▶ PROBLEM DETAILS
Exactly as written, retype all of the records that come next.

Dataset excerpts:
--------

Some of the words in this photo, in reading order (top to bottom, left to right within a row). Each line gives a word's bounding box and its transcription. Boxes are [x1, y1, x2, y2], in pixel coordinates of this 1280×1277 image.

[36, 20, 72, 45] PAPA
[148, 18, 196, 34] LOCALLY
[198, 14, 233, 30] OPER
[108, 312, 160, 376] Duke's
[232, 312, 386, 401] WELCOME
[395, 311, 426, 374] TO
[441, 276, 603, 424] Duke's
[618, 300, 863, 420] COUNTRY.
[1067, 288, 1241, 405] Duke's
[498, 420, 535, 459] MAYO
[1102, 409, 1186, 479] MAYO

--------

▶ YOUR RESPONSE
Some of the words in this photo, in reading order (top to bottom, left to right within a row). Each line gives a word's bounding box and its transcription. Boxes are [x1, y1, x2, y2], in pixel coordinates of this 1280×1277 image.

[36, 20, 72, 45] PAPA
[148, 18, 196, 34] LOCALLY
[198, 14, 233, 30] OPER
[108, 312, 160, 376] Duke's
[232, 312, 386, 401] WELCOME
[395, 311, 426, 374] TO
[441, 276, 603, 424] Duke's
[618, 300, 863, 420] COUNTRY.
[1067, 288, 1241, 405] Duke's
[498, 420, 535, 459] MAYO
[1102, 409, 1186, 479] MAYO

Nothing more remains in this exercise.